▶ YOUR OBJECTIVE: All entries are to be transcribed verbatim, but images are not carried over.

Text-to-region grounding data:
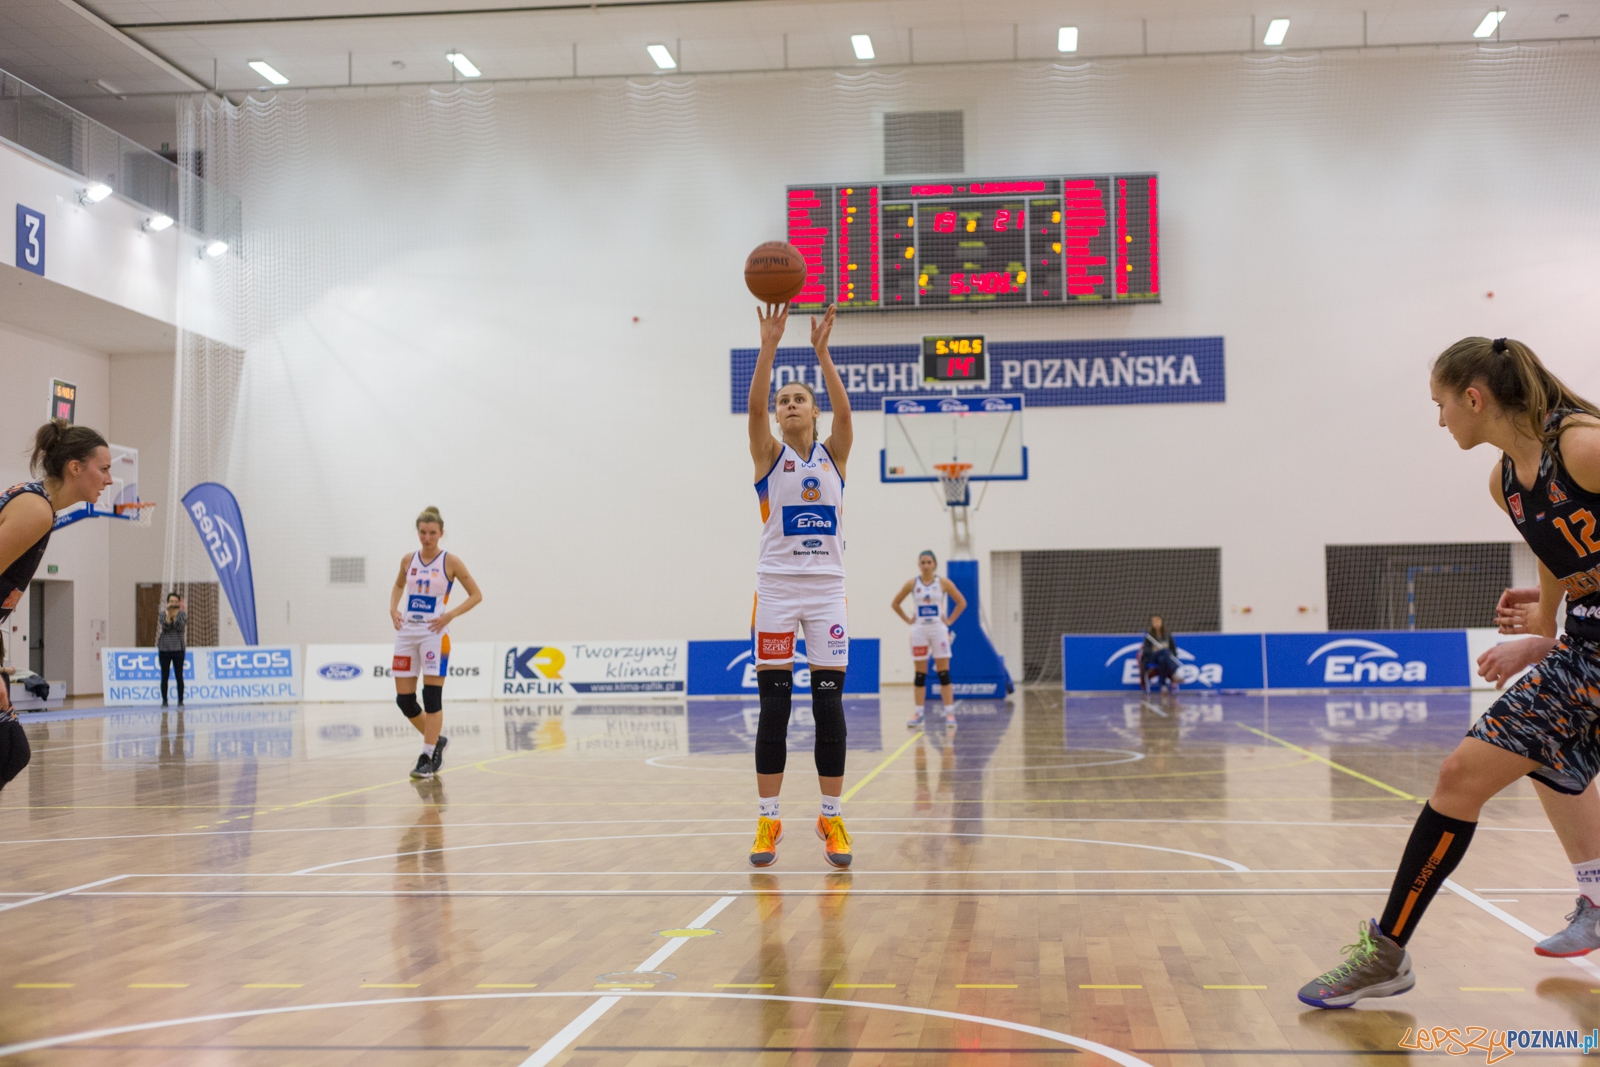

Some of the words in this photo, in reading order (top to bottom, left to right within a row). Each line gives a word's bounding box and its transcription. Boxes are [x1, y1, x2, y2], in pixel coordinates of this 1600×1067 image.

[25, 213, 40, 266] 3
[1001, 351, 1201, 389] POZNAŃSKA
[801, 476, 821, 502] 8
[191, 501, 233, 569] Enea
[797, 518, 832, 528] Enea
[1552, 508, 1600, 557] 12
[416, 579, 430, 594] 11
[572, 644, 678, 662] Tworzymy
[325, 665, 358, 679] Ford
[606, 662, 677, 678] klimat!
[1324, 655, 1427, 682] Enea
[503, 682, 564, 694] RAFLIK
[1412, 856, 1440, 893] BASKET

▶ YOUR SOLUTION:
Some of the words in this photo, in reading order (top to bottom, left to right within a row). Each line gives a word's bounding box and its transcription. Boxes are [x1, y1, x2, y2], in pixel coordinates of this 1600×1067 image.

[25, 213, 40, 266] 3
[1001, 351, 1201, 389] POZNAŃSKA
[801, 476, 821, 502] 8
[191, 501, 233, 569] Enea
[797, 518, 832, 528] Enea
[1552, 508, 1600, 557] 12
[416, 579, 430, 594] 11
[572, 644, 678, 662] Tworzymy
[325, 665, 358, 679] Ford
[606, 662, 677, 678] klimat!
[1324, 655, 1427, 682] Enea
[503, 682, 564, 694] RAFLIK
[1412, 856, 1440, 893] BASKET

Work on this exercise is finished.